[Image-backed grounding data]
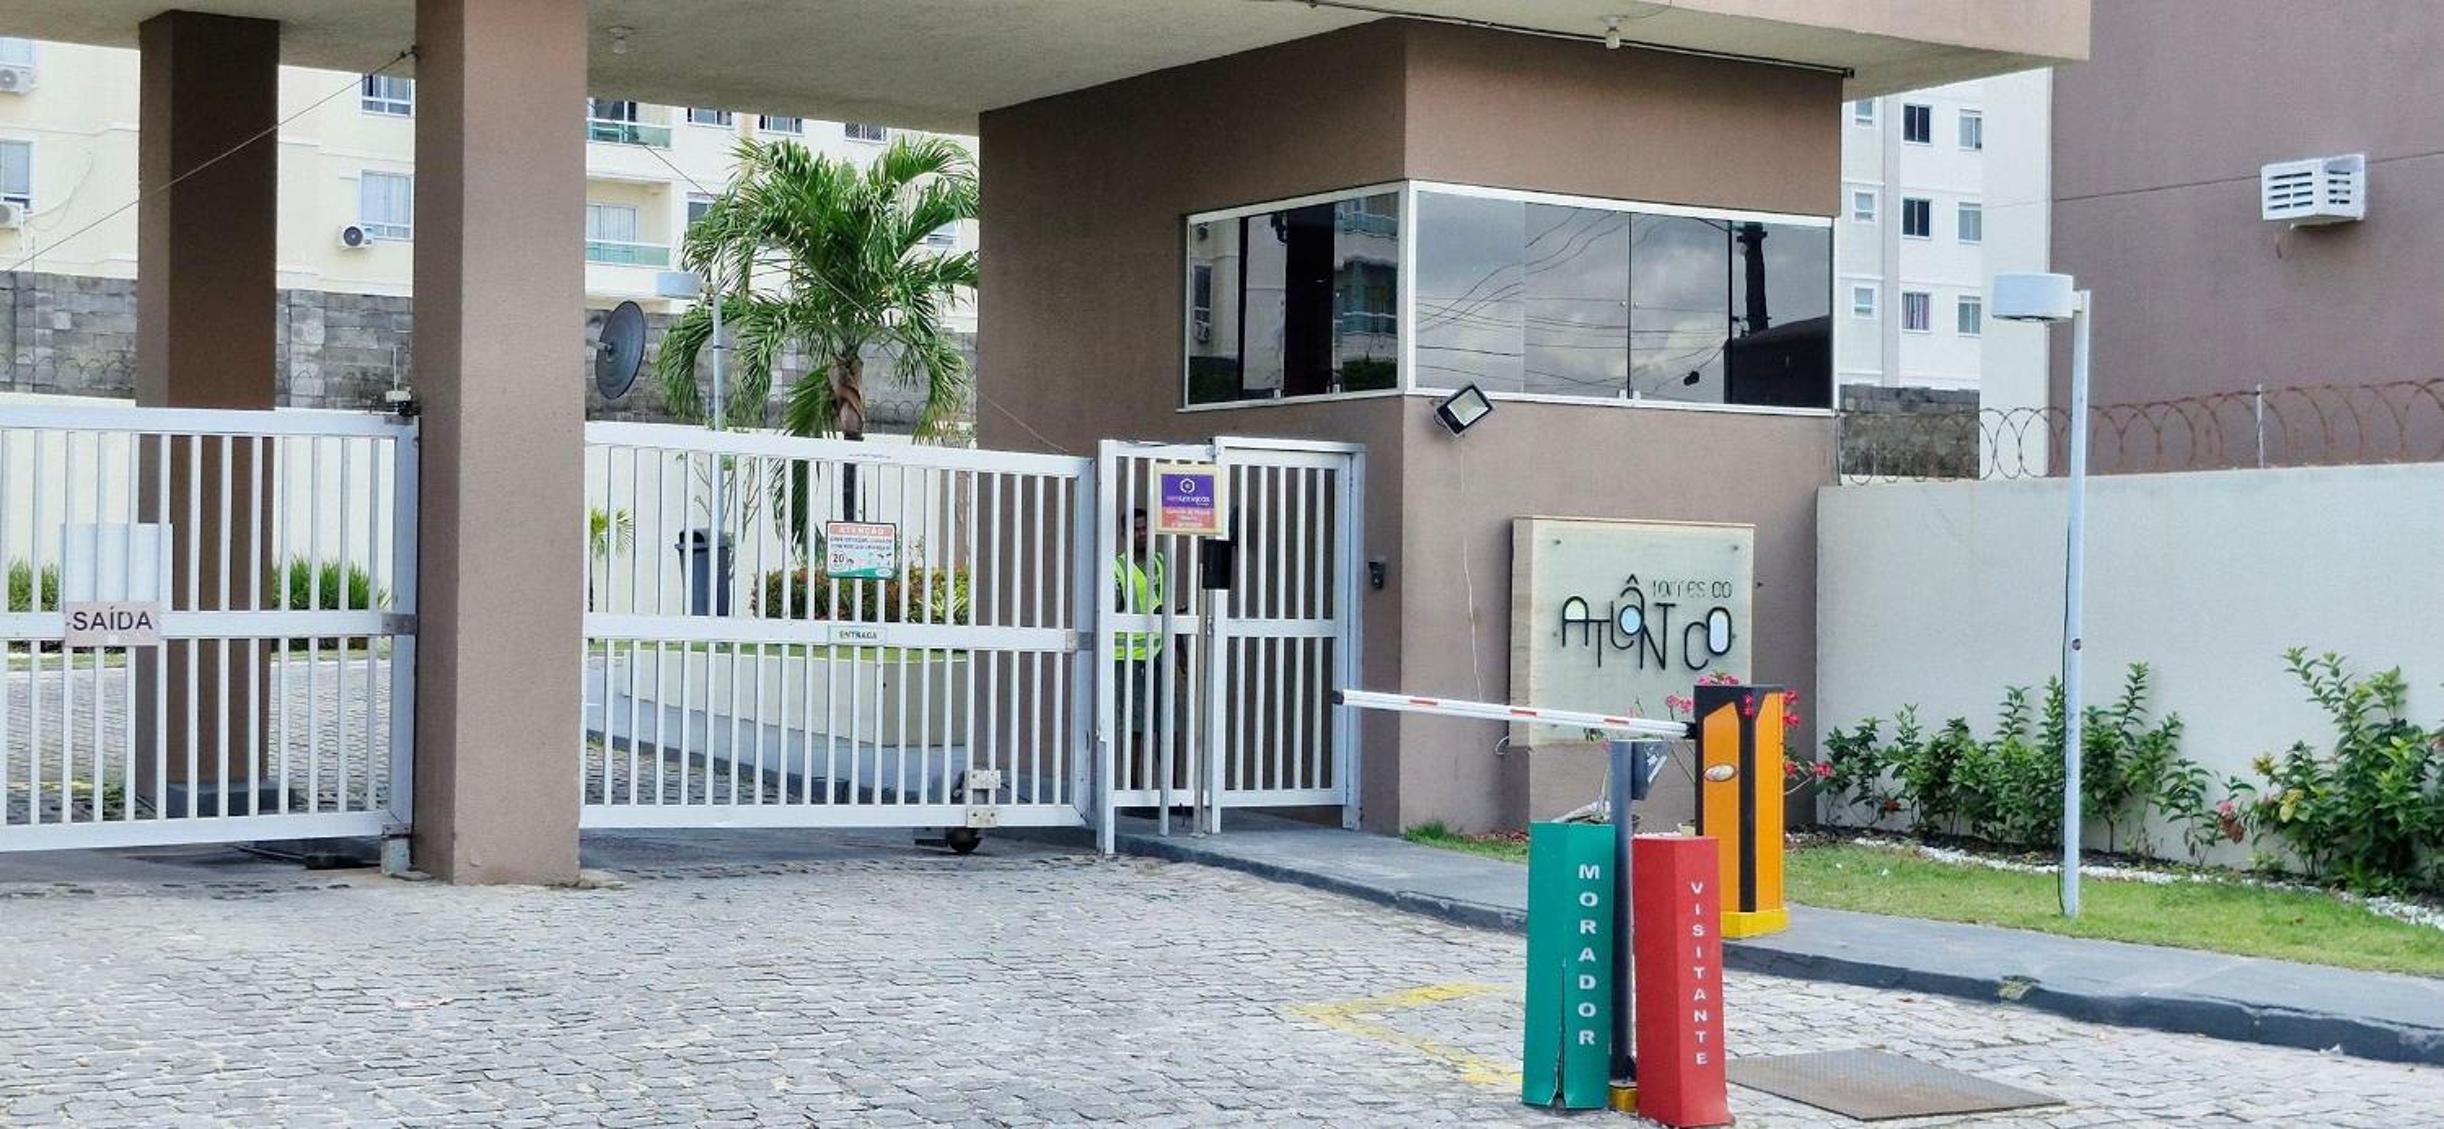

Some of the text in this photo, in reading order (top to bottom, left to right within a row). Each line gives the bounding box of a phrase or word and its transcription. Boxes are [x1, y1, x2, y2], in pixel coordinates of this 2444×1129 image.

[833, 553, 845, 563] 20
[73, 605, 153, 631] SAÍDA
[1578, 863, 1600, 1046] MORADOR
[1690, 881, 1708, 1065] VISITANTE
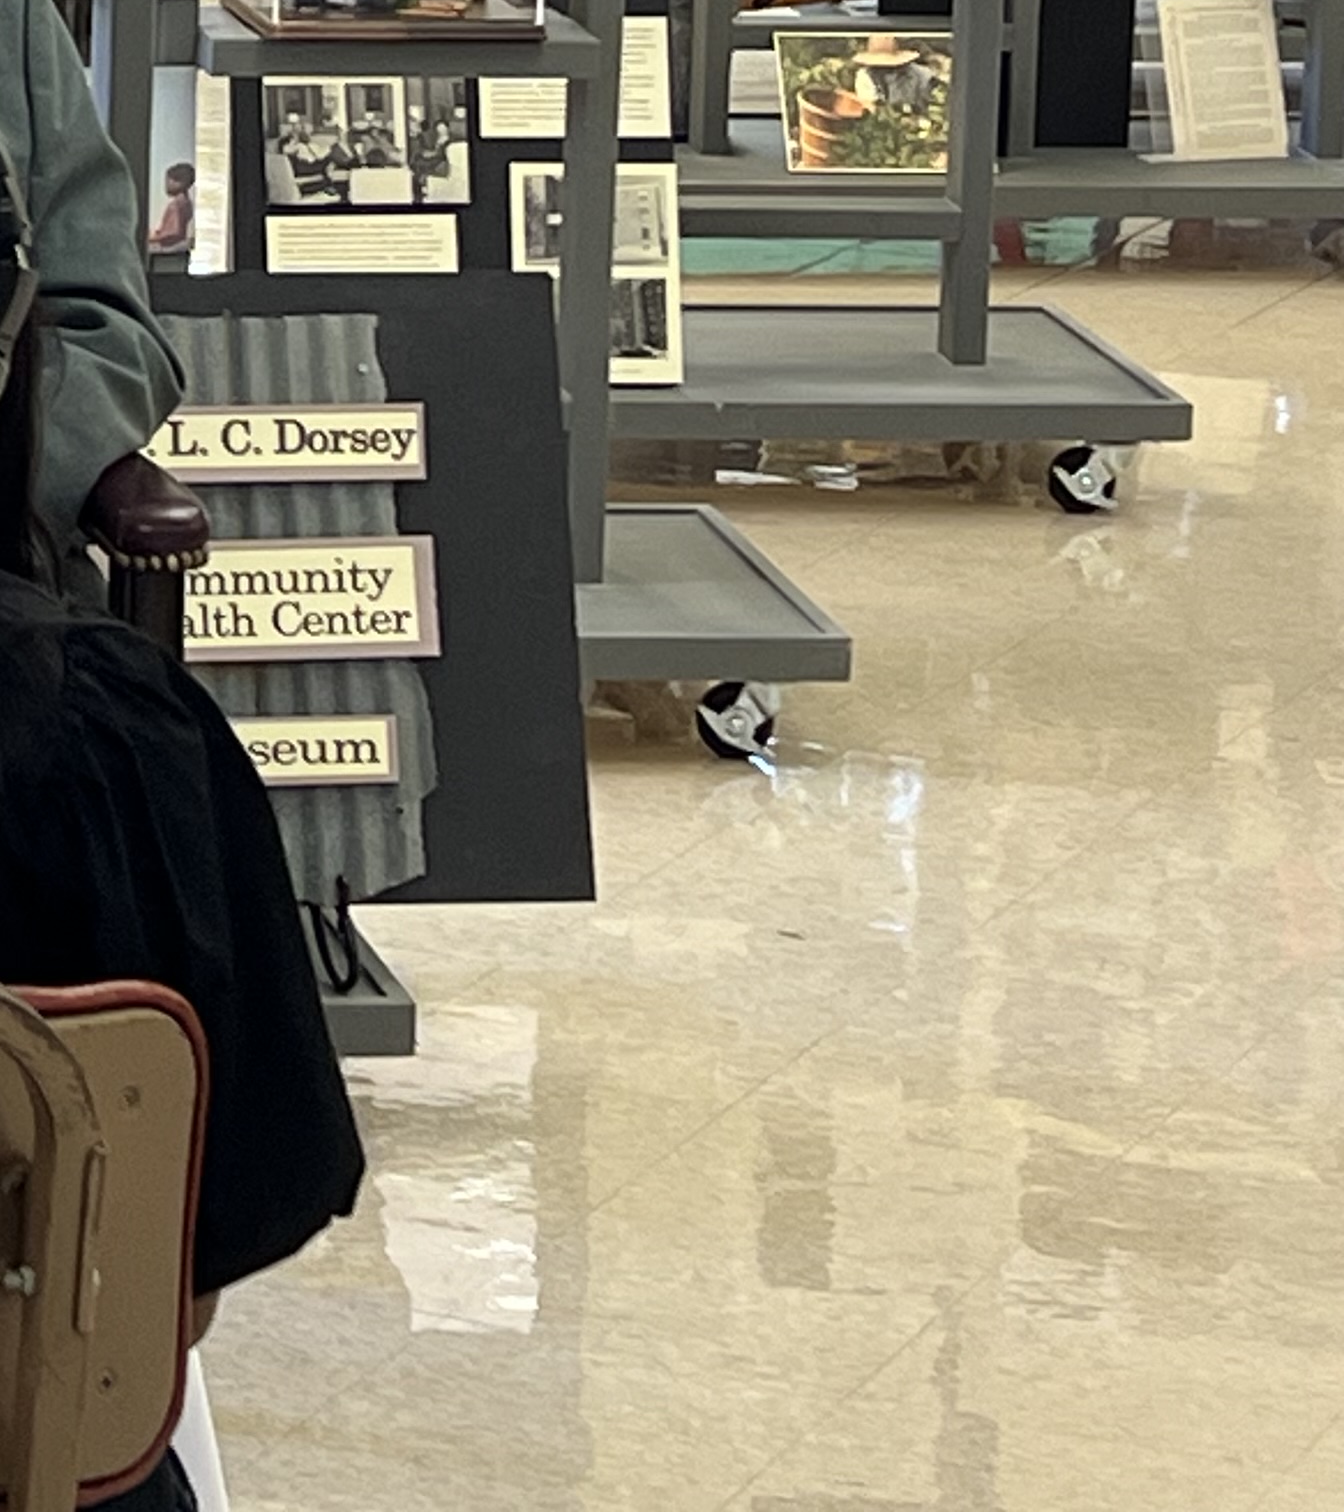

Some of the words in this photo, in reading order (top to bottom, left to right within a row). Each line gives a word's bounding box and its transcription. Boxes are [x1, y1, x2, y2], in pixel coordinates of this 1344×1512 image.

[166, 419, 210, 457] L.
[220, 418, 263, 456] C.
[273, 418, 416, 461] Dorsey
[185, 557, 393, 601] mmunity
[183, 602, 257, 639] alth
[271, 600, 413, 637] Center
[248, 735, 381, 767] seum

- [WORK INSTRUCTION] No picture is to appear in the copy; every entry above is otherwise to be printed verbatim.

- [TASK RESULT]
Some of the text in this photo, in reading order (top to bottom, left to right within a row). Each line gives the bounding box of a phrase or word and its transcription. Boxes are [x1, y1, x2, y2], in pixel coordinates of this 2444×1129 image.

[833, 553, 845, 563] 20
[73, 605, 153, 631] SAÍDA
[1578, 863, 1600, 1046] MORADOR
[1690, 881, 1708, 1065] VISITANTE

Some of the words in this photo, in reading order (top to bottom, left to right within a row). Each line gives a word's bounding box and its transcription. Boxes are [x1, y1, x2, y2], in pixel coordinates of this 1344×1512 image.

[166, 419, 210, 457] L.
[220, 418, 263, 456] C.
[273, 418, 416, 461] Dorsey
[185, 557, 393, 601] mmunity
[183, 602, 257, 639] alth
[271, 600, 413, 637] Center
[248, 735, 381, 767] seum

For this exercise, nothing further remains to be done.